I am currently researching Georgian and Victorian attitudes to marriage and after a particularly pleasing foray into a second hand bookshop, came home with a real gem - 'The Perfect Wife,' by Rona Randall.
Skimming through this book, a passage caught my eye, about Victorian attitudes to nudity. In short, in the Victorian bedroom nudity was to be avoided at all costs. Even sisters sharing a bedroom would stand back to back, and undress beneath voluminous night gowns. Indeed husband's often disrobed in an ajoining room to don his night shirt and didn't enter the bed chamber until his wife was safely attired in a billowing nightgown and frilly cap.

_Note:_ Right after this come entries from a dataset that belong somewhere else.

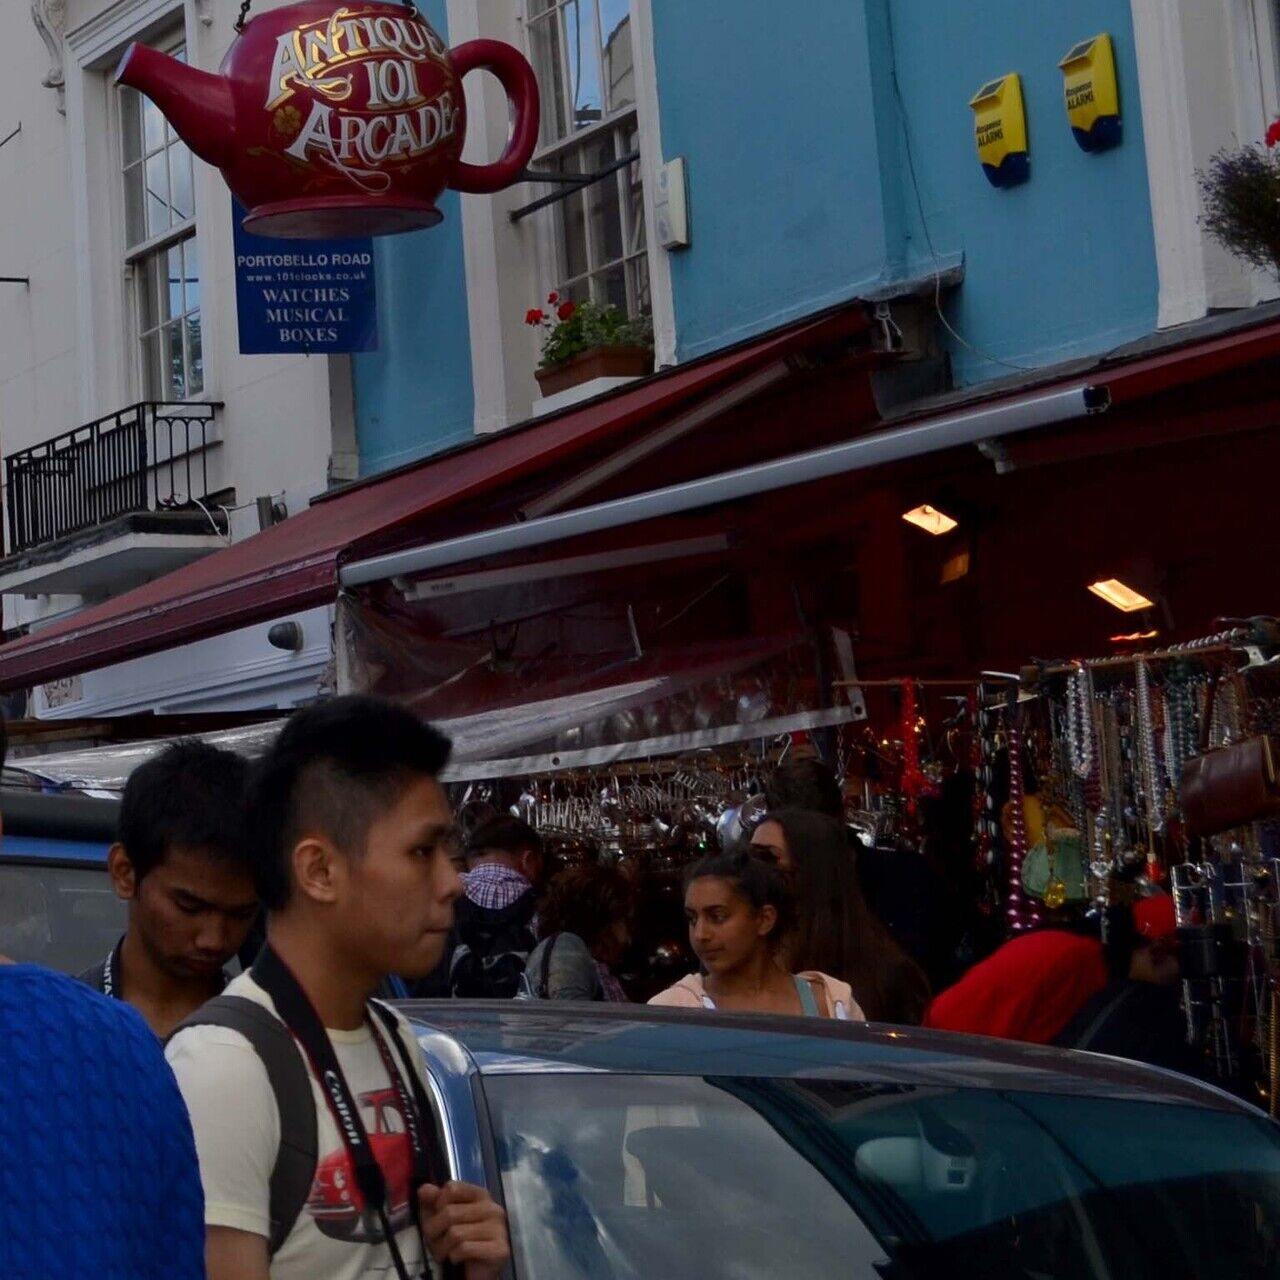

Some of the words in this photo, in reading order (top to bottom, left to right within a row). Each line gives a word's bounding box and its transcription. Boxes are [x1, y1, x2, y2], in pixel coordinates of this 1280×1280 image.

[362, 59, 424, 110] 101
[1068, 91, 1095, 110] ALARMS
[284, 91, 459, 195] ARCADE
[978, 128, 1004, 147] ALARMS
[238, 254, 328, 267] PORTOBELLO
[331, 253, 372, 265] ROAD
[246, 271, 367, 282] www.101clocks.co.uk
[263, 288, 350, 303] WATCHES
[267, 308, 348, 322] MUSICAL
[280, 328, 338, 343] BOXES
[324, 1070, 361, 1146] Canon

With this in mind it came as a quite shock to also read that some early Victorians thought nothing of bathing nude in the sea! The invention of swimming costumes came as late as 1870 and before this the options were a bathing hut wheeled into the sea or to cavort naked in the waves. It seems the later was not as exceptional as you might suspect, and many preferred nude bathing! In the summer months the correspondance columns of local newspapers were full of complaints about the;
'shameless seaside cavortings of loose women and unblushing men...'
However one naked bather, the Rev Francis Kilbert, was anything but loose morals. In his diary he extols the delights of nude sea bathing and somewhat innocently complains about,
'the detestable custom of bathing drawers that are now becoming de rigeur.'
It seems he created quite a stir at Seaton 1873 when unaware of the new requirement for wearing bathing suites, especially as;
'the young ladies strolling near seemed to have no objection.'
One newspaper, the Saturday Review, commented on the habit of some women activley seeking out male nude bathers;
'There they sit [women] happy, innocent, undistrubed - placidly and immovably gaze at hundreds of males in the costume of Adam.'
Who'd have thought!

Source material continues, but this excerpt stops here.